[X86] Add more details in the comments of X86TargetLowering::getScalingFactorCost.

git-svn-id: https://llvm.org/svn/llvm-project/llvm/trunk@207432 91177308-0d34-0410-b5e6-96231b3b80d8
2025-04-21 09:40:22 +00:00 · 2014-04-28 18:39:57 +00:00 · 2014-04-28 18:39:57 +00:00 · aec1f2c2f5
commit aec1f2c2f5
parent 4e0cc51d79
1 changed files with 16 additions and 2 deletions
--- a/lib/Target/X86/X86ISelLowering.cpp
+++ b/lib/Target/X86/X86ISelLowering.cpp
@ -20833,8 +20833,22 @@ int X86TargetLowering::getScalingFactorCost(const AddrMode &AM,
                                            Type *Ty) const {
  // Scaling factors are not free at all.

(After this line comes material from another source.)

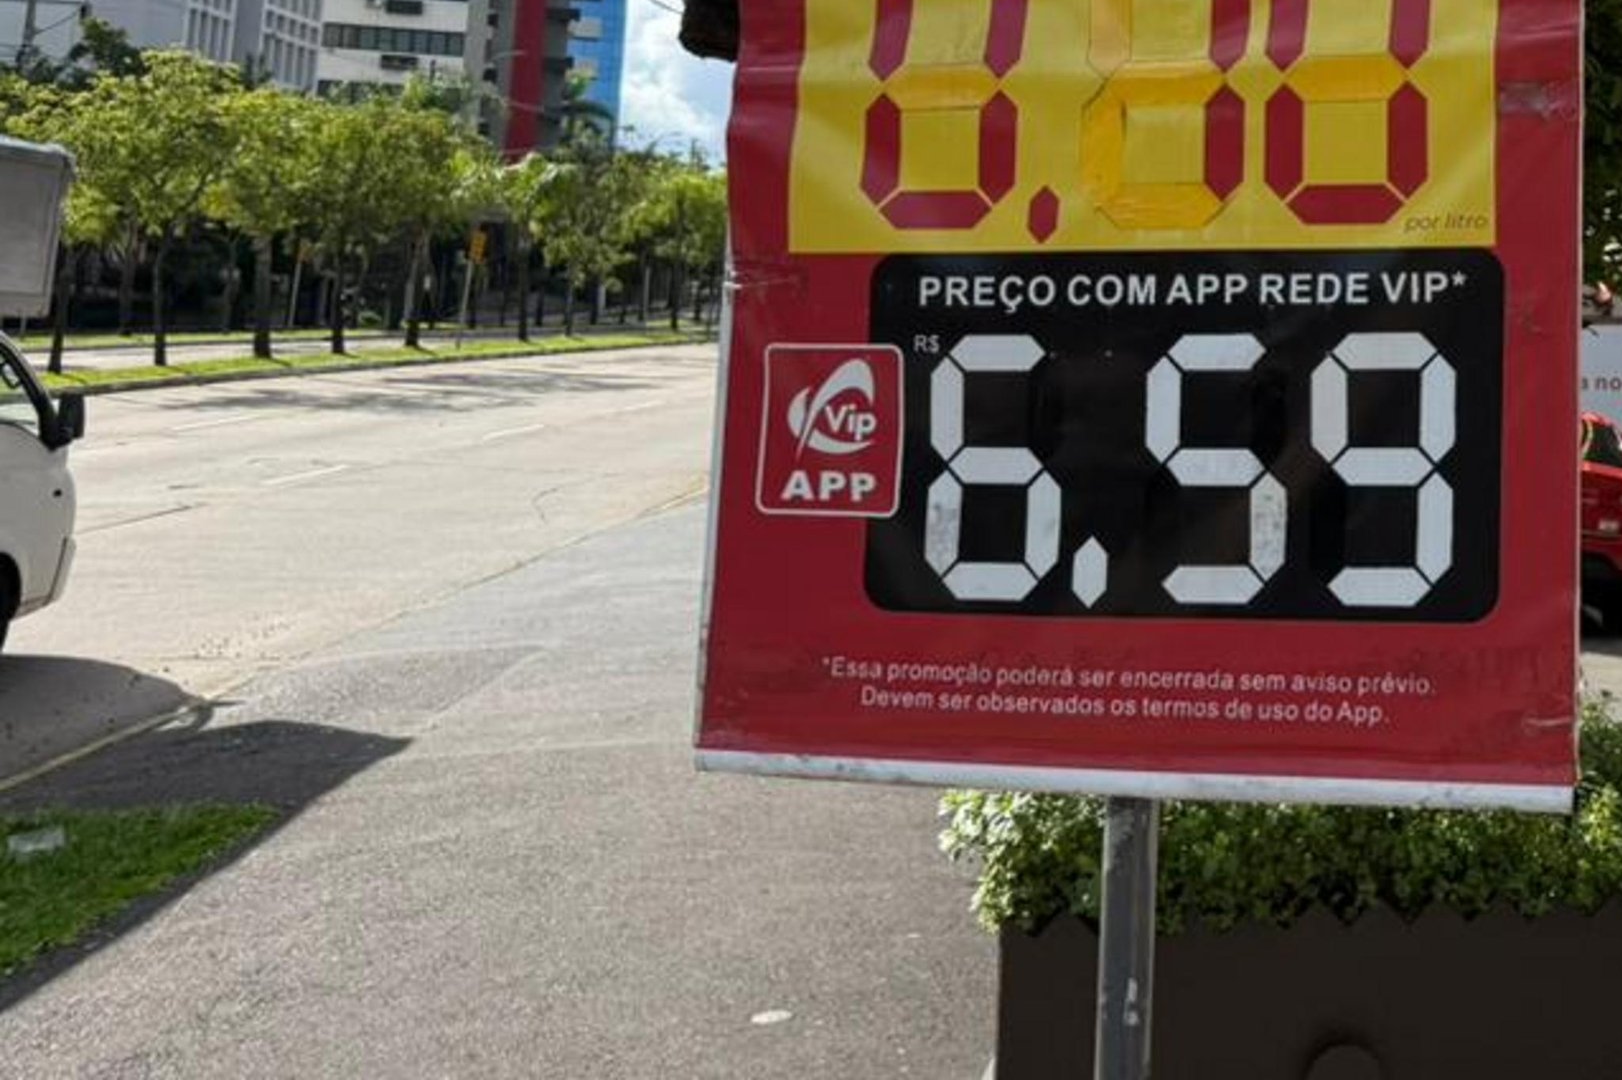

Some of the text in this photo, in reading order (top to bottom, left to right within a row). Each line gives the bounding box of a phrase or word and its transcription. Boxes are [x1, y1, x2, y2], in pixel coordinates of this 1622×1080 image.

  // An indexed folded instruction, i.e., inst (reg1, reg2, scale),
-  // will take 2 allocations instead of 1 for plain addressing mode,
-  // i.e. inst (reg1).
+  // will take 2 allocations in the out of order engine instead of 1
+  // for plain addressing mode, i.e. inst (reg1).
+  // E.g.,
+  // vaddps (%rsi,%drx), %ymm0, %ymm1
+  // Requires two allocations (one for the load, one for the computation)
+  // whereas:
+  // vaddps (%rsi), %ymm0, %ymm1
+  // Requires just 1 allocation, i.e., freeing allocations for other operations
+  // and having less micro operations to execute.
+  //
+  // For some X86 architectures, this is even worse because for instance for
+  // stores, the complex addressing mode forces the instruction to use the
+  // "load" ports instead of the dedicated "store" port.
+  // E.g., on Haswell:
+  // vmovaps %ymm1, (%r8, %rdi) can use port 2 or 3.
+  // vmovaps %ymm1, (%r8) can use port 2, 3, or 7.   
  if (isLegalAddressingMode(AM, Ty))
    // Scale represents reg2 * scale, thus account for 1
    // as soon as we use a second register.